The guy looks around, but there is no punch line.
A guy walks into a bar and orders a fruit punch.
The bartender says “Pal, if you want a punch you’ll have to stand in line.”
The guy looks around, but there is no punch line.
Excuse the dust on this, I haven’t been forced to deploy it for several years:
Humour is relative…
Viagra will not make you James Bond.
But it will make you Roger Moore.
RIP.
I couldn’t find a birdwatchers thread so here goes.
I’m here all day
OK, if we are going for reeeeeeeaaaaaaaaaaaaaally old and also reeeeeeeaaaaaaaaaaaaaally shit jokes, this one has just come off the defibrillator:
Stevie Wonder is playing his first gig in Hong Kong and the venue is packed to the rafters. In a bid to break the ice with his new audience he asks if anyone would like him to play a request. A little Chinese man jumps out of his seat in the first row and shouts at the top of his voice “Play a jazz chord!”
Amazed that this guy knows about the jazz influences in Stevie’s varied career, the blind impresario starts to play an E minor scale and then goes into a difficult jazz melody for about 10 minutes.

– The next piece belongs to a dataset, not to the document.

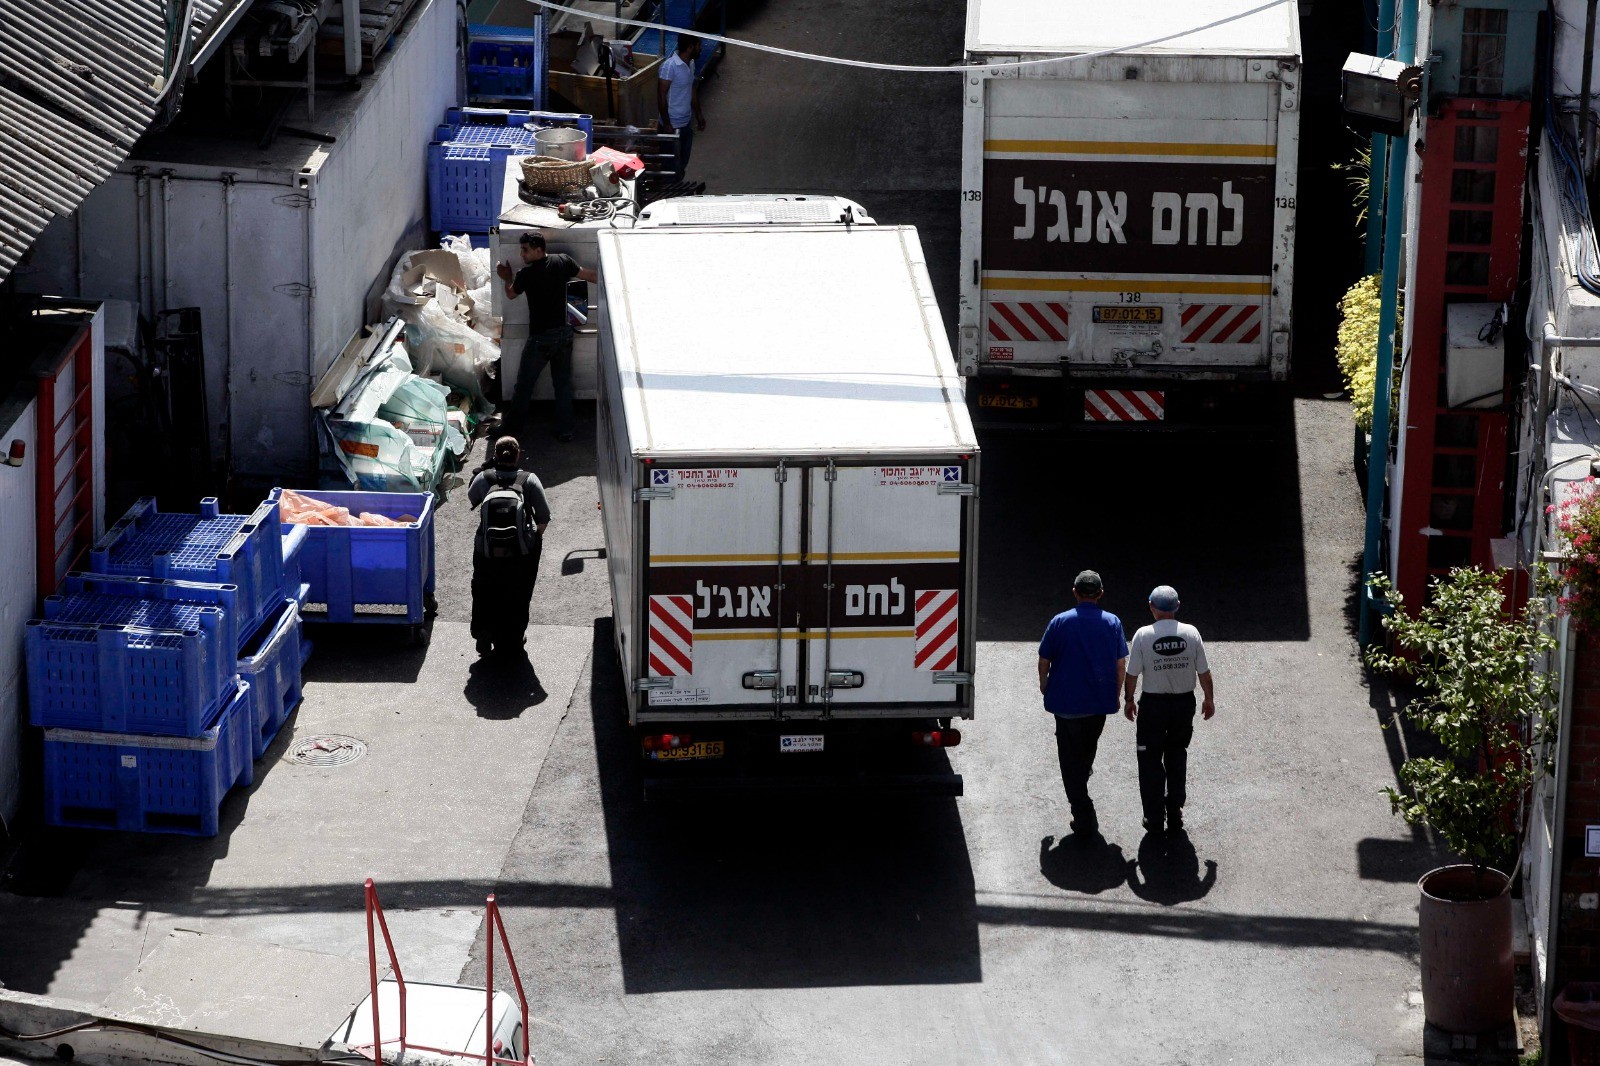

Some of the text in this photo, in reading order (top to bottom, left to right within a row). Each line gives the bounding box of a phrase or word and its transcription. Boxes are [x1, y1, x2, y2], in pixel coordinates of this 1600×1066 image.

When he finishes the whole place goes wild. The little old man jumps up again and shouts “No, play a jazz chord, play a jazz chord!”
A bit miffed, Stevie, being the professional that he is, dives straight into a jazz improvisation with his band around the b flat minor chord and really tears the the place apart.The crowd goes wild with this impromptu show of his technical expertise.

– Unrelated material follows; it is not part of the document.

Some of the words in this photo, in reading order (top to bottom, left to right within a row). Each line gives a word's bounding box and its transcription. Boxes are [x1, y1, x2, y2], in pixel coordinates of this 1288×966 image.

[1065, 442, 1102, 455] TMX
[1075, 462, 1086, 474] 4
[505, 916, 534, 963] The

The little old man jumps up again “No, no, play a jazz chord, play a jazz chord!”
Well and truly pissed off that this little guy doesn’t seem to appreciate his playing ability, Stevie says to him from the stage, “OK smart guy, you get up here and do it!”
The little old man climbs up onto the stage, takes the mike and starts to sing…
“a jazz chord, to say, I ruv you”…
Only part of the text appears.